(Beginning of PROVIDED RECORDS)

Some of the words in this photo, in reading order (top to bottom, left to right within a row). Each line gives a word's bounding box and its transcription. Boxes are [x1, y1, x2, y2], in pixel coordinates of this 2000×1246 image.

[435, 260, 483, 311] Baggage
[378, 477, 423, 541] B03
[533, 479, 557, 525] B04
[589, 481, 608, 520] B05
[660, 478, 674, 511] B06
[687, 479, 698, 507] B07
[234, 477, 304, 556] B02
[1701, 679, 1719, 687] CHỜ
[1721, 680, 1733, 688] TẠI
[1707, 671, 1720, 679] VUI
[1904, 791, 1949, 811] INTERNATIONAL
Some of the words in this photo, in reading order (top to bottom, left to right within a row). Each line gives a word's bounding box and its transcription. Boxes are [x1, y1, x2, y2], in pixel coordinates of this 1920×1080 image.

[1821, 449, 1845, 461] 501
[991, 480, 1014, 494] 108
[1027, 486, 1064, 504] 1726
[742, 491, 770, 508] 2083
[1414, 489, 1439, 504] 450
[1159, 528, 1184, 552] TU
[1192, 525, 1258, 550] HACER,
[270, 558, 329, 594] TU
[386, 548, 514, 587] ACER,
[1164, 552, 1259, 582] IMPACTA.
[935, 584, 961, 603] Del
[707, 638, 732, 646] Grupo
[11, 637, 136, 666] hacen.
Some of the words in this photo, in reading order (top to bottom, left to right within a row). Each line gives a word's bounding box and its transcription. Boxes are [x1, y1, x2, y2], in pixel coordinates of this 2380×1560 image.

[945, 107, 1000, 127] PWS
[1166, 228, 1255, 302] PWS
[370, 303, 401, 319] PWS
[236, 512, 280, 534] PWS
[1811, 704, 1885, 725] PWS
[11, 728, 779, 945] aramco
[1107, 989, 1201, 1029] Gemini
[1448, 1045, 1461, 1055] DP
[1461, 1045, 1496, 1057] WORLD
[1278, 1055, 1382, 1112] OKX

(End of PROVIDED RECORDS)

* [WHAT IS BEING ASKED]: After reading the data above, return it verbatim in full.

* [EXERCISE ANSWER]:
Some of the words in this photo, in reading order (top to bottom, left to right within a row). Each line gives a word's bounding box and its transcription. Boxes are [x1, y1, x2, y2], in pixel coordinates of this 2000×1246 image.

[435, 260, 483, 311] Baggage
[378, 477, 423, 541] B03
[533, 479, 557, 525] B04
[589, 481, 608, 520] B05
[660, 478, 674, 511] B06
[687, 479, 698, 507] B07
[234, 477, 304, 556] B02
[1701, 679, 1719, 687] CHỜ
[1721, 680, 1733, 688] TẠI
[1707, 671, 1720, 679] VUI
[1904, 791, 1949, 811] INTERNATIONAL
Some of the words in this photo, in reading order (top to bottom, left to right within a row). Each line gives a word's bounding box and its transcription. Boxes are [x1, y1, x2, y2], in pixel coordinates of this 1920×1080 image.

[1821, 449, 1845, 461] 501
[991, 480, 1014, 494] 108
[1027, 486, 1064, 504] 1726
[742, 491, 770, 508] 2083
[1414, 489, 1439, 504] 450
[1159, 528, 1184, 552] TU
[1192, 525, 1258, 550] HACER,
[270, 558, 329, 594] TU
[386, 548, 514, 587] ACER,
[1164, 552, 1259, 582] IMPACTA.
[935, 584, 961, 603] Del
[707, 638, 732, 646] Grupo
[11, 637, 136, 666] hacen.
Some of the words in this photo, in reading order (top to bottom, left to right within a row). Each line gives a word's bounding box and its transcription. Boxes are [x1, y1, x2, y2], in pixel coordinates of this 2380×1560 image.

[945, 107, 1000, 127] PWS
[1166, 228, 1255, 302] PWS
[370, 303, 401, 319] PWS
[236, 512, 280, 534] PWS
[1811, 704, 1885, 725] PWS
[11, 728, 779, 945] aramco
[1107, 989, 1201, 1029] Gemini
[1448, 1045, 1461, 1055] DP
[1461, 1045, 1496, 1057] WORLD
[1278, 1055, 1382, 1112] OKX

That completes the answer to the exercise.